**Exercise brief**
Retype every entry below without pictures.

(Collected data)
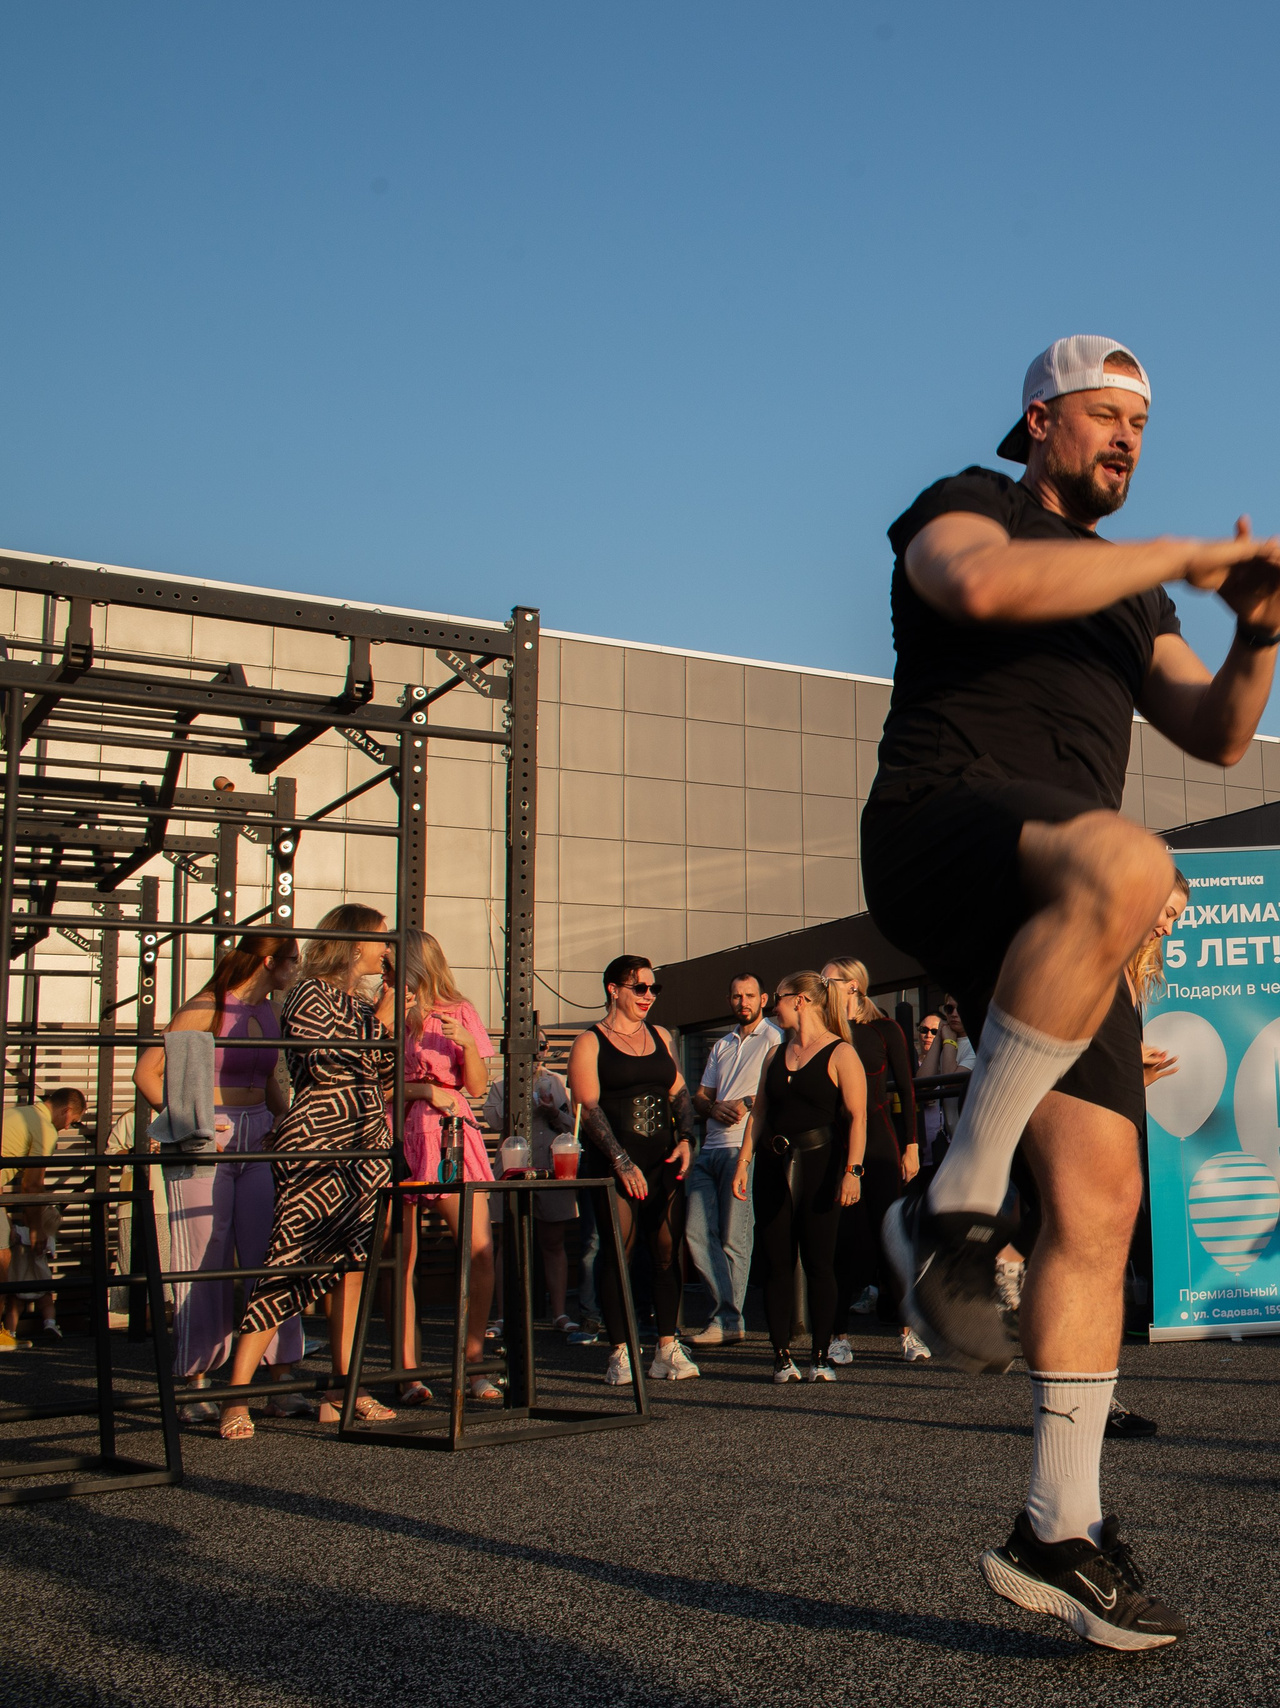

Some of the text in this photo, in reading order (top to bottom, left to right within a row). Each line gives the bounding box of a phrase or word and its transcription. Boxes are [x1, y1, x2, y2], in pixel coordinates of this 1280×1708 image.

[1186, 875, 1264, 888] жиматика
[1165, 940, 1187, 968] 5
[1167, 982, 1241, 1000] Подарки
[1247, 983, 1256, 994] в
[1179, 1283, 1278, 1303] Премиальный
[1193, 1310, 1209, 1320] ул.
[1212, 1308, 1262, 1318] Садовая,
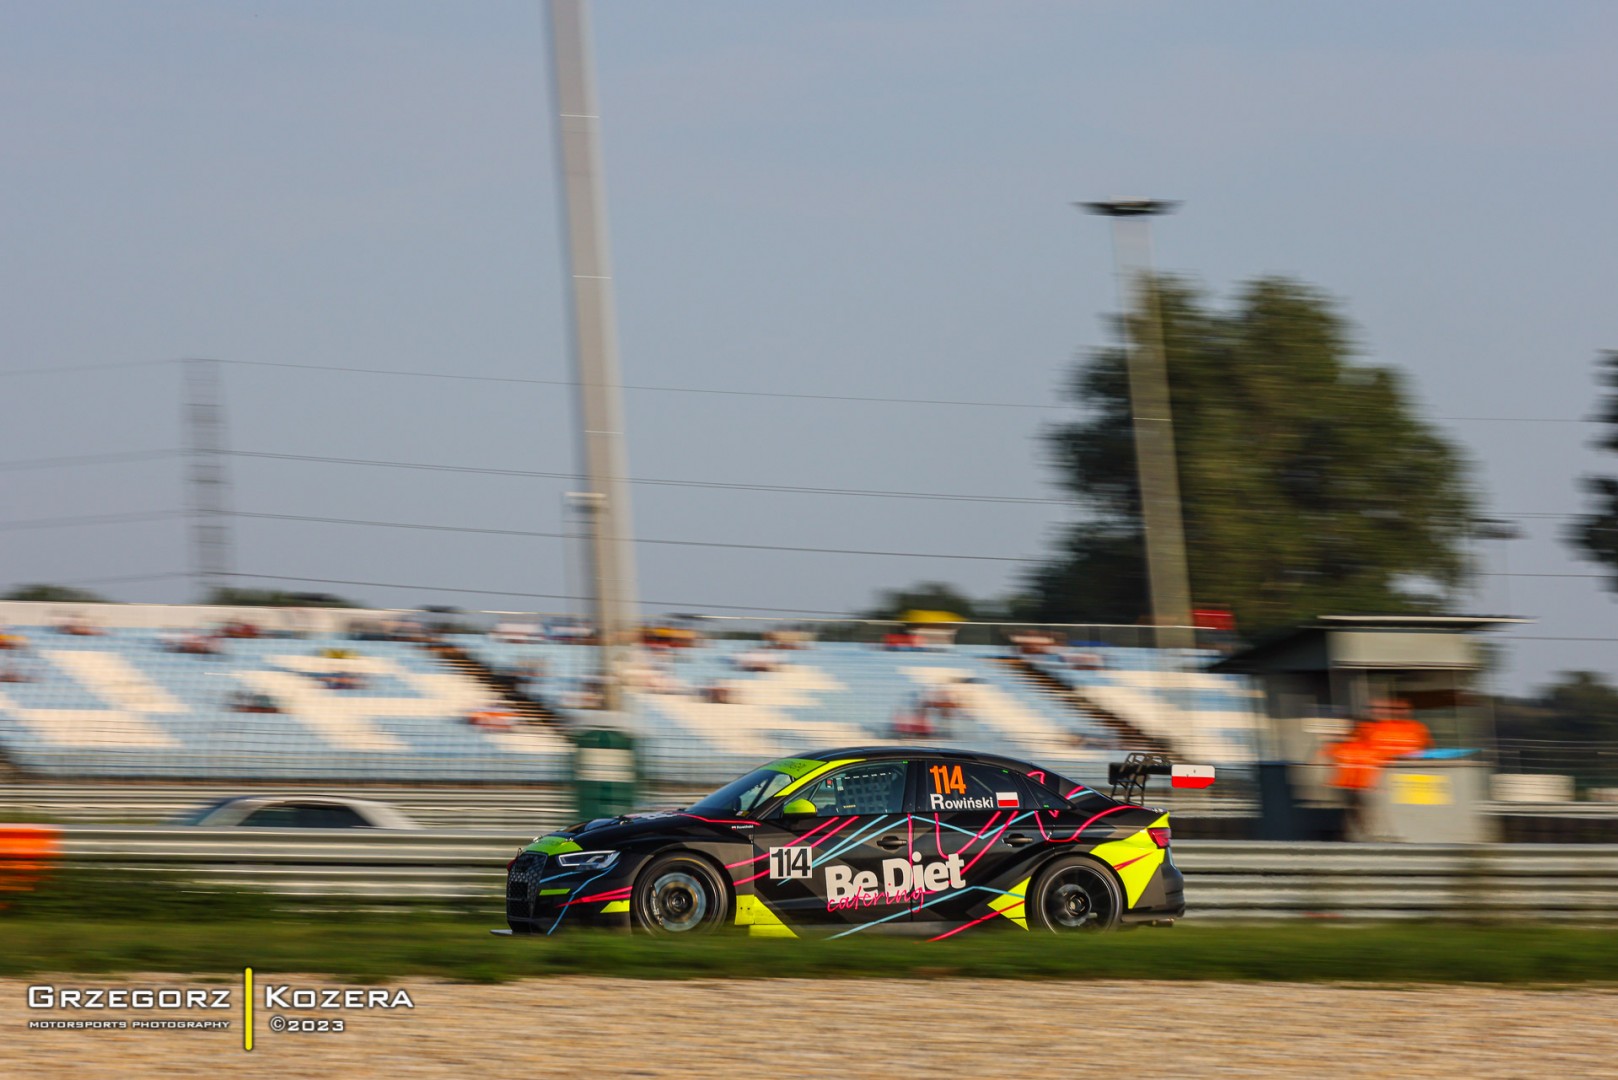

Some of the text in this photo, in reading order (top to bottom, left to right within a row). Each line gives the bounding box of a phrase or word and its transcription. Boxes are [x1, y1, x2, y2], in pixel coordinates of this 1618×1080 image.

**Response**
Some of the text in this photo, in reading order (top to bottom, left to right within a row). Each line gives the bounding box of a phrase or word and its transcription. Boxes are [x1, y1, x2, y2], in pixel coordinates of this 1280×1708 image.

[1186, 875, 1264, 888] жиматика
[1165, 940, 1187, 968] 5
[1167, 982, 1241, 1000] Подарки
[1247, 983, 1256, 994] в
[1179, 1283, 1278, 1303] Премиальный
[1193, 1310, 1209, 1320] ул.
[1212, 1308, 1262, 1318] Садовая,

Some of the text in this photo, in reading order (top to bottom, left to right within a row). Each line gives the bounding box of a phrase or word and its transcription. Boxes are [x1, y1, x2, y2], in pixel coordinates of this 1618×1080 image.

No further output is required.